Missing Works Cited
The Tempest, considered by many to be Shakespeare’s farewell to the theatre, has of all his plays the most remarkable interpretive richness. The exceptional flexibility of Shakespeare’s stage is given particular prominence in The Tempest due to its originality and analytic potential, in particular in the presentation of one of his most renowned and disputed characters, Caliban. Superficially portrayed in the play as a most detestable monster, Caliban does not evoke much sympathy. However, on further examination Caliban presents himself as an extremely complex character and soon his apparent monstrosity is not so obviously transparent. The diverse range of presentations of him on stage exemplifies Caliban’s multifarious character.
Although Caliban attempts to rape Miranda, appearing initially to be nothing more complex than a degenerate beast and so should be presented as such, Caliban is in fact a human being and not a monster, misunderstood only because Prospero, the colonizer, has unjustly depicted him as being merely a primitive native.
At the time of The Tempest, settlers began moving out of Britain to colonize America, Africa and parts of Asia. Laying a claim to overseas territory was becoming increasingly important to national identity and power. The voyages of Christopher Columbus and Vasco da Gama sparked what has come to be known as the age of European Expansion, when England and the rest of Europe began devoting their energies to exploring and developing markets overseas.
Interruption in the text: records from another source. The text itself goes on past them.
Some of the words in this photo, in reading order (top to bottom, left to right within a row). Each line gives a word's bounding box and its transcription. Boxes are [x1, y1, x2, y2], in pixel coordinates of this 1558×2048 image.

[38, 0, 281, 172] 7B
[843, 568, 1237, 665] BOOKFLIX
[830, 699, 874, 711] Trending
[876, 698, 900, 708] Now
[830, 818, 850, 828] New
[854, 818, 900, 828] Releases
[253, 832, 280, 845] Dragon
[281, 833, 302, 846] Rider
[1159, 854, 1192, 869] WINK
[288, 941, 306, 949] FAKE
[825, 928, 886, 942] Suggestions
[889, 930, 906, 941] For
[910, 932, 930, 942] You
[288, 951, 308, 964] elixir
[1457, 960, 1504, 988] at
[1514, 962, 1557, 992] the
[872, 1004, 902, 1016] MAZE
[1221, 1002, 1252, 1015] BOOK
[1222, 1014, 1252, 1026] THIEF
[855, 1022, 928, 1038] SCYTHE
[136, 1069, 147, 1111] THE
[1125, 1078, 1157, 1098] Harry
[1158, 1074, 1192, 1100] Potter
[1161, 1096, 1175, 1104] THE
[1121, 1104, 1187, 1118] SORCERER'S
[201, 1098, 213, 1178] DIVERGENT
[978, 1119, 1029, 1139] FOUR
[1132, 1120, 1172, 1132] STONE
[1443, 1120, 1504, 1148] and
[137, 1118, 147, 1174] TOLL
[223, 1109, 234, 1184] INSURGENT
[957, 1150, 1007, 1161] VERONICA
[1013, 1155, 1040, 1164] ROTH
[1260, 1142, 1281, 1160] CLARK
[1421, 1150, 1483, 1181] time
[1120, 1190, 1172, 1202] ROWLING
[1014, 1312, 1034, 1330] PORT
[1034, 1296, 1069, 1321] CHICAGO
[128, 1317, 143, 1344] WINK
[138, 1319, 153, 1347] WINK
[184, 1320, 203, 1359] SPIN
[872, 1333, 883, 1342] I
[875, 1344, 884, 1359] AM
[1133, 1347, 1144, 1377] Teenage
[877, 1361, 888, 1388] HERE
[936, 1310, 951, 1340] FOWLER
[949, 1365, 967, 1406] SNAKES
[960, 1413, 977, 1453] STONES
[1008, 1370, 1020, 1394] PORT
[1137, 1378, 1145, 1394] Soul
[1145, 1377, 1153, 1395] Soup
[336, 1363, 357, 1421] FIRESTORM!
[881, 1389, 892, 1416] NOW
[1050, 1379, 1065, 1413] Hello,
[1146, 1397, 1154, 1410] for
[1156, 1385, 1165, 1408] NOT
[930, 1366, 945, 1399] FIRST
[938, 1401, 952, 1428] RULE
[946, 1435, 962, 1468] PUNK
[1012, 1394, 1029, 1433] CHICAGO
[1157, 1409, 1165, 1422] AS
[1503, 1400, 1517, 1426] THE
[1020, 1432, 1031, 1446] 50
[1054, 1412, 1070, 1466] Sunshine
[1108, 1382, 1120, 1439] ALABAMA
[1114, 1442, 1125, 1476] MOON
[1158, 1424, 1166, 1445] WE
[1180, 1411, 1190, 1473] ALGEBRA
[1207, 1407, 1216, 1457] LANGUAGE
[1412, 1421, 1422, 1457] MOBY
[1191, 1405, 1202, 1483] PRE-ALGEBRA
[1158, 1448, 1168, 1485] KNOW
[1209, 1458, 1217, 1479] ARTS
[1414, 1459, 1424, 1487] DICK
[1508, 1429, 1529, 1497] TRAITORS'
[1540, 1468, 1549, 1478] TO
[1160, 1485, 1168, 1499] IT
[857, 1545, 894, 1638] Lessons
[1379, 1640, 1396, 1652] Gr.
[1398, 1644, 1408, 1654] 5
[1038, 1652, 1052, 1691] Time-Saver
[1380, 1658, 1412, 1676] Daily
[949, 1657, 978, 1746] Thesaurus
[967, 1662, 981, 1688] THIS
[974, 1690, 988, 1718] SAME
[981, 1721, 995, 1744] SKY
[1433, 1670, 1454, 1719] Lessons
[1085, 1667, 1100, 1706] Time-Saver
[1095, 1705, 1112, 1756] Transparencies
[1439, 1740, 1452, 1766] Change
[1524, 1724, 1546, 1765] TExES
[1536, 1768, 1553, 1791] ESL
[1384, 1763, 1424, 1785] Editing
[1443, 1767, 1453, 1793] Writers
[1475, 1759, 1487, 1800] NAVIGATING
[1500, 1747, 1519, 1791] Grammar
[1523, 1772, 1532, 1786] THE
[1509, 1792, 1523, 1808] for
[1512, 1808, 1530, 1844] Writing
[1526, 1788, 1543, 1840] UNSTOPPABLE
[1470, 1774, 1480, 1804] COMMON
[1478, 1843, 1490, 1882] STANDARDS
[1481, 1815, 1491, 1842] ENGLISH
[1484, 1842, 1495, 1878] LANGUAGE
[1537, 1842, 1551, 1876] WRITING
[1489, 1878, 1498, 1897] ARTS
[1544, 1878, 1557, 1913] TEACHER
When The Tempest was written, these immensely important social events were on the top of everyone’s mind, including, presumably, Shakespeare’s. It is for this reason that the play is often considered an allegory of European discovery and in particular, colonization: Prospero is deemed the colonizer of the island and Caliban and Ariel the colonized. In the introduction to Critical Essays on Shakespeare’s ‘The Tempest’, Editor Alden T. Vaughan describes how the commonly accepted view of Prospero’s character was that of “a wise and rational ruler [who] could govern the forces of disorder that undermine the family and the state”. Indeed, before the beginning of the nineteenth century Prospero was presented as thus, while Caliban as an abominable, inhuman beast. As the play drew a greater audience worldwide however, that view began to change and post-colonial interpretations began to present themselves in which Caliban was cast in a more empathic light. These critics noted how easily the figure of Caliban converges with the image of the cannibal, the mythical ‘savage’ whom many European travellers claimed to have encountered. The name Caliban even seems to be a pointed anagram of ‘cannibal’. Since that time, views have changed on the savagery of those natives and with it, on the savagery of Caliban.
In the 1978 Royal Shakespeare Company production of The Tempest, David Suchet played a humanized, though exploited, ‘third-world’...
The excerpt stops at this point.